The decisions were made following a meeting held by the National Emergency Operations Centre which was chaired by the Governor. They discussed the conditions within the Territory and plans for the response activities that are required.
The Governor said from speaking to persons in and around Territory, he was told that this is the worst flooding that has hit the BVI.
Sharleen Dabreo, Director of DDM concurred and said that it is the worst, even when compared to the 2003 floods.
Governor McCleary said the damage caused by this flooding has bypassed that of Earl. Four shelters are now open and persons are encouraged to utilise the shelters.

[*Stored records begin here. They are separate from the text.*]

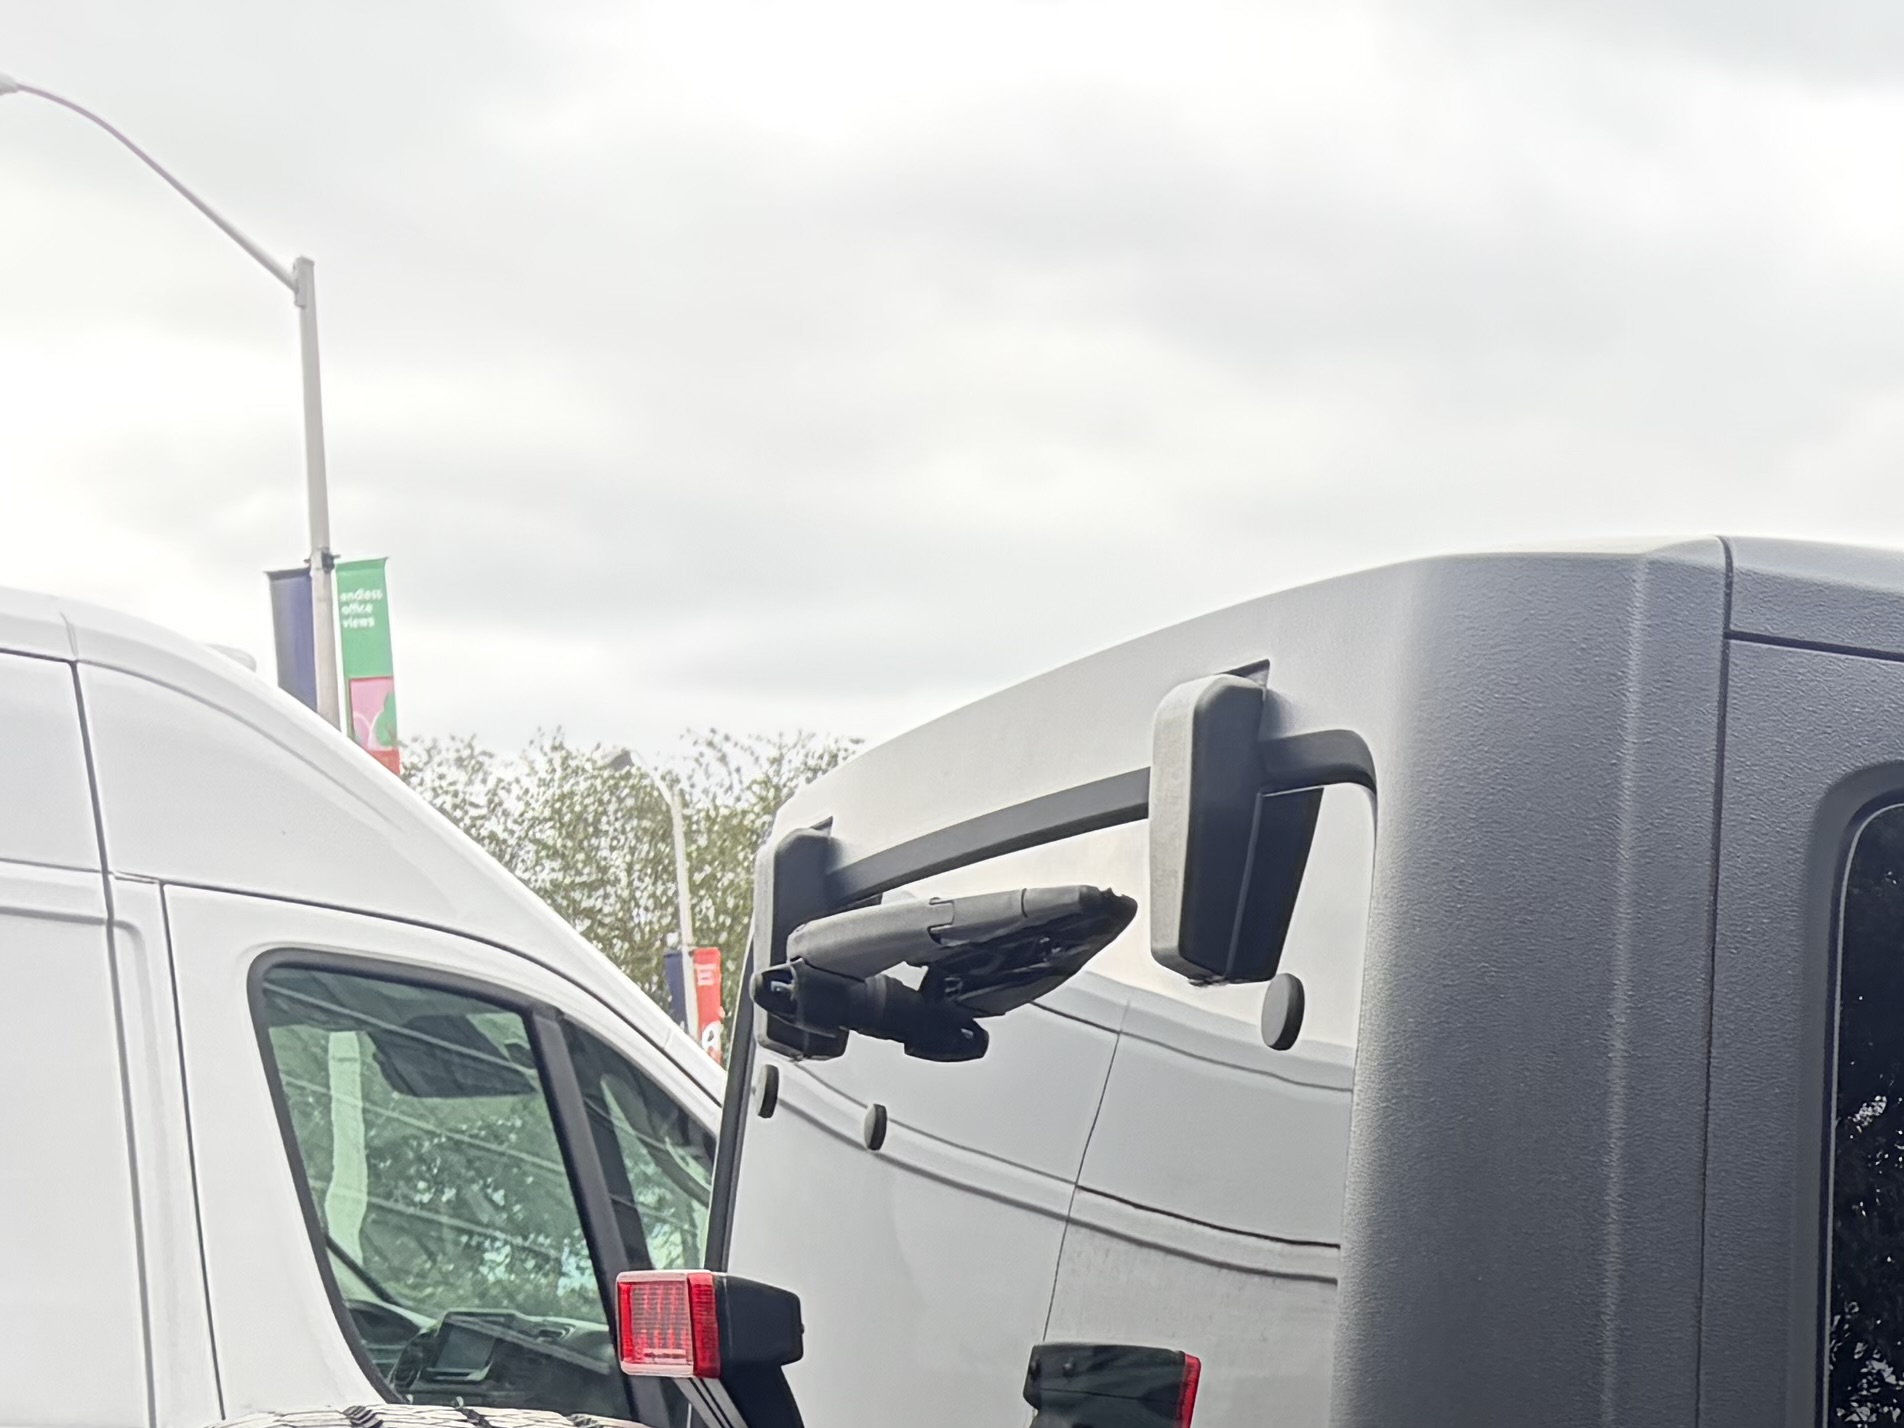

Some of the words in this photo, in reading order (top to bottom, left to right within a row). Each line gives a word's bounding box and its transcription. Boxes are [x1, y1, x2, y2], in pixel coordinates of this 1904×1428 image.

[341, 588, 383, 601] endless
[341, 602, 373, 614] office
[342, 617, 375, 629] views
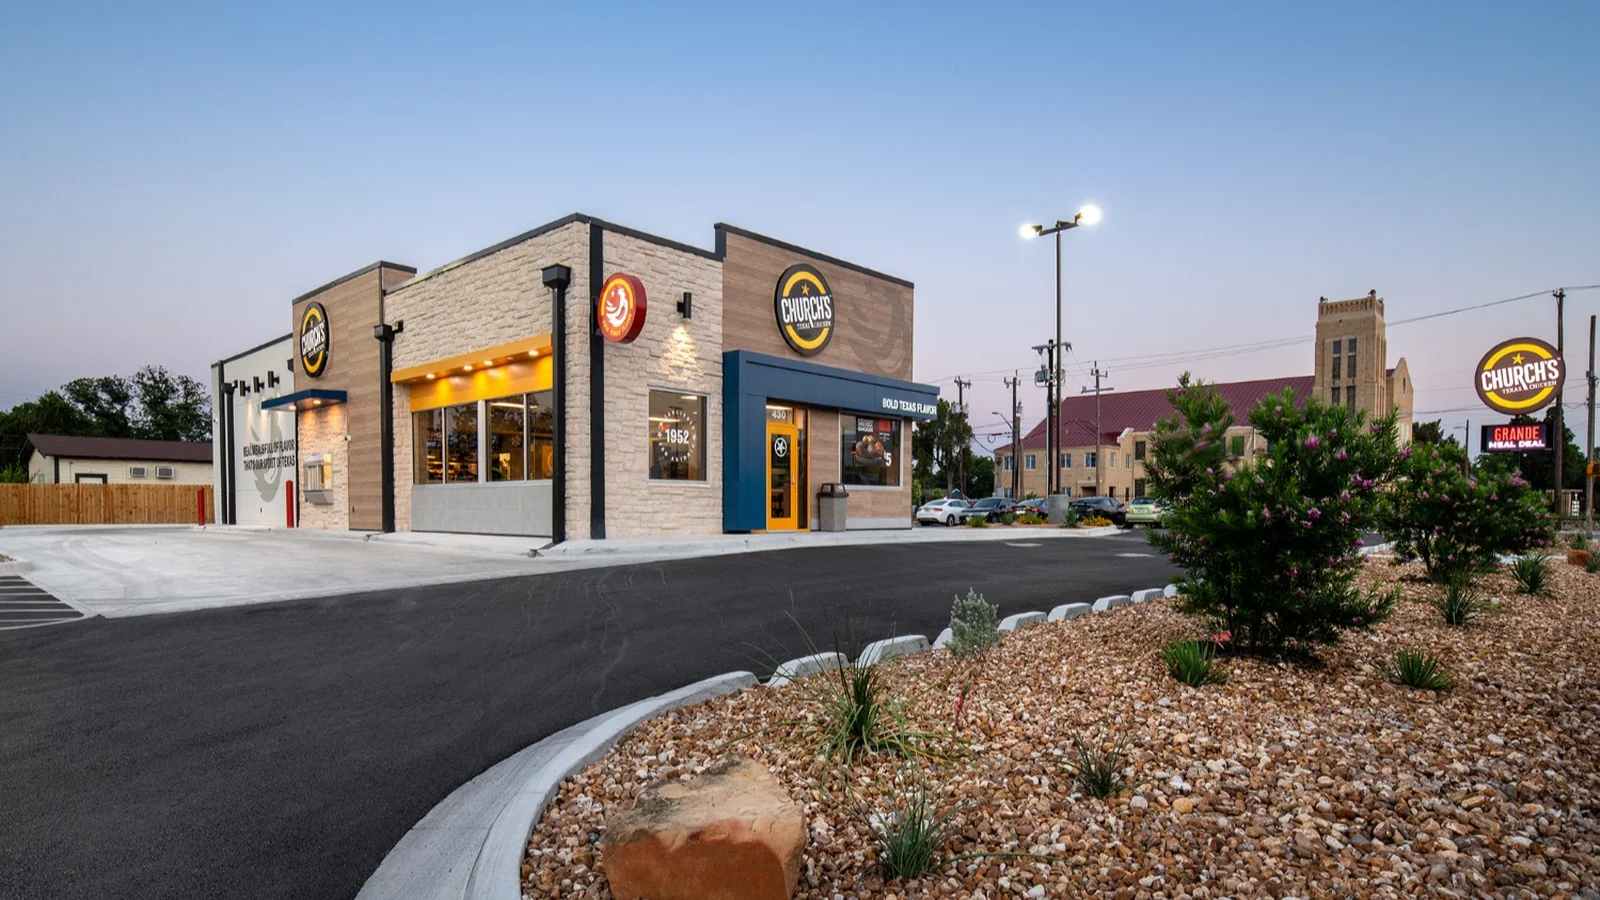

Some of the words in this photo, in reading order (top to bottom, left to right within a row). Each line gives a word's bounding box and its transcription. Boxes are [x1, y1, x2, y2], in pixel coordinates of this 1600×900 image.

[781, 295, 832, 328] CHURCH'S
[1481, 359, 1559, 391] CHURCH'S
[1502, 386, 1522, 395] TEXAS
[1529, 380, 1557, 390] CHICKEN
[882, 397, 899, 410] BOLD
[899, 400, 916, 412] TEXAS
[917, 402, 937, 415] FLAVOR
[771, 410, 787, 420] 430
[665, 428, 689, 445] 1952
[1494, 426, 1540, 442] GRANDE
[1488, 441, 1517, 449] MEAL
[1518, 439, 1546, 448] DEAL

The Governor urged residents to stay clear and allow crews from the Public Works Department to carry out their works. The Government has also urged those who have no business being on the roads to stay clear. The Public Works Department is currently clearing areas as quickly as possible.
In St. LUCIA, the fishing village of Dennery on the island’s East Coast has been declared a disaster zone.
This follows heavy overnight rains that left an estimated 100 houses under water.
No injuries were reported.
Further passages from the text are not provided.